# Work instructions:
Repeat every line of the data exactly; the pictures stay out.

# Dataset extract:
Segment Open
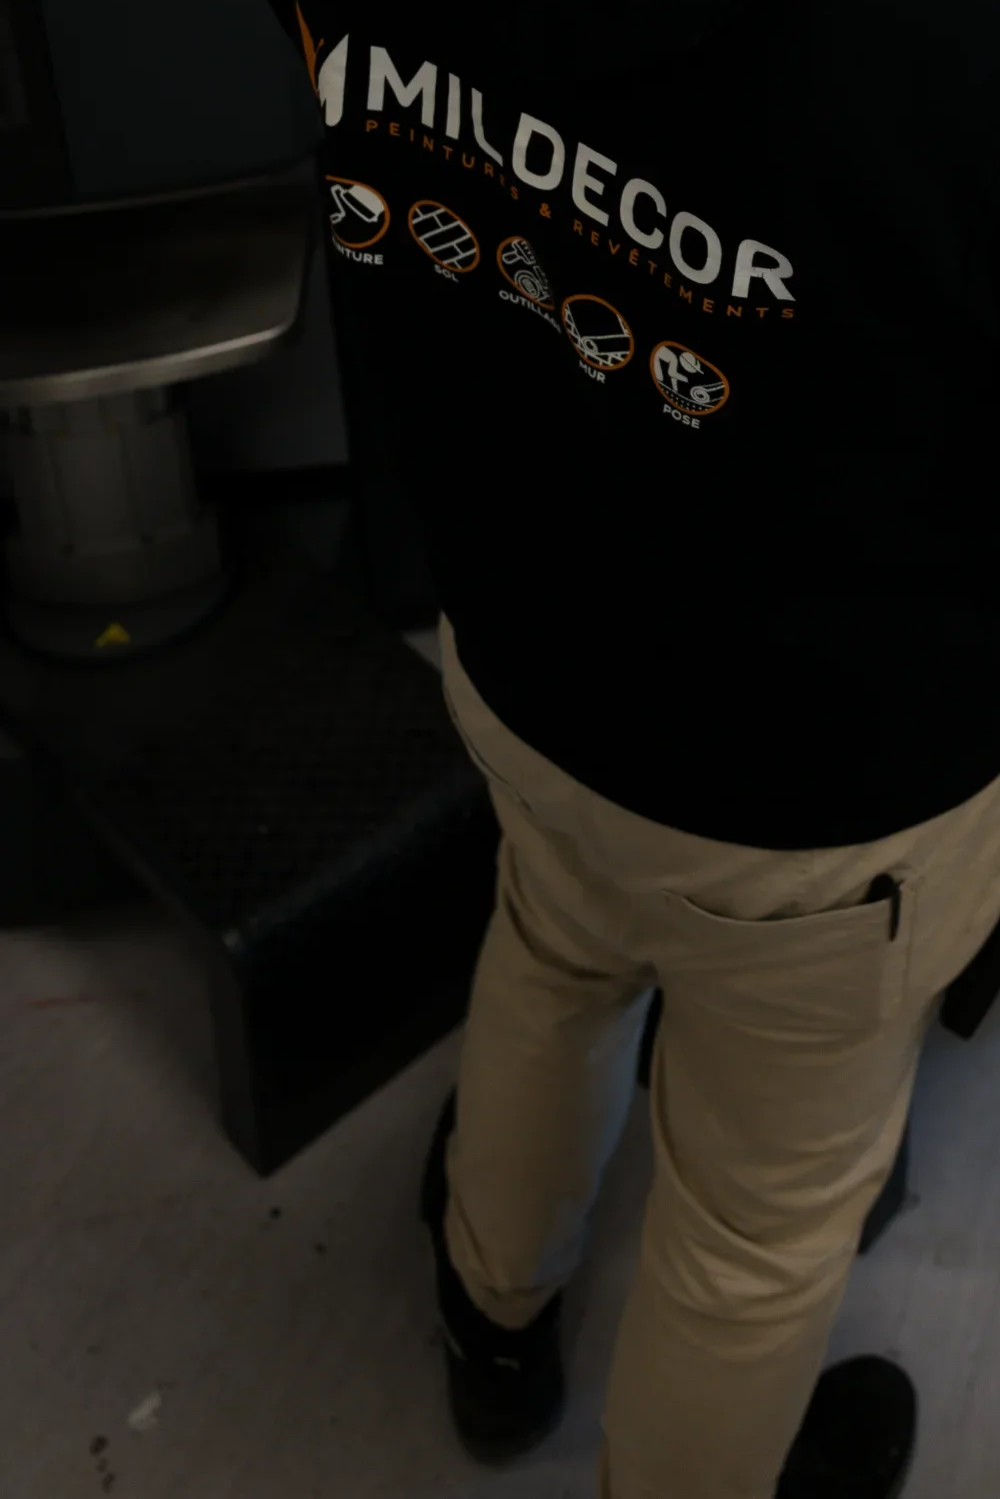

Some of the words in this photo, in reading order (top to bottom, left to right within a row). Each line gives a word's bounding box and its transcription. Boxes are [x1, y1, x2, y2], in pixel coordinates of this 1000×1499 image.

[366, 44, 796, 302] MILDECOR
[365, 118, 520, 201] PEINTURES
[539, 202, 551, 219] &
[573, 219, 795, 321] REVÊTEMENTS
[434, 263, 460, 284] SOL
[578, 359, 607, 385] MUR
[662, 403, 701, 430] POSE
Segment Closed
# Exercise response:
Some of the words in this photo, in reading order (top to bottom, left to right within a row). Each line gives a word's bounding box and its transcription. Boxes are [x1, y1, x2, y2], in pixel coordinates of this 1000×1499 image.

[366, 44, 796, 302] MILDECOR
[365, 118, 520, 201] PEINTURES
[539, 202, 551, 219] &
[573, 219, 795, 321] REVÊTEMENTS
[434, 263, 460, 284] SOL
[578, 359, 607, 385] MUR
[662, 403, 701, 430] POSE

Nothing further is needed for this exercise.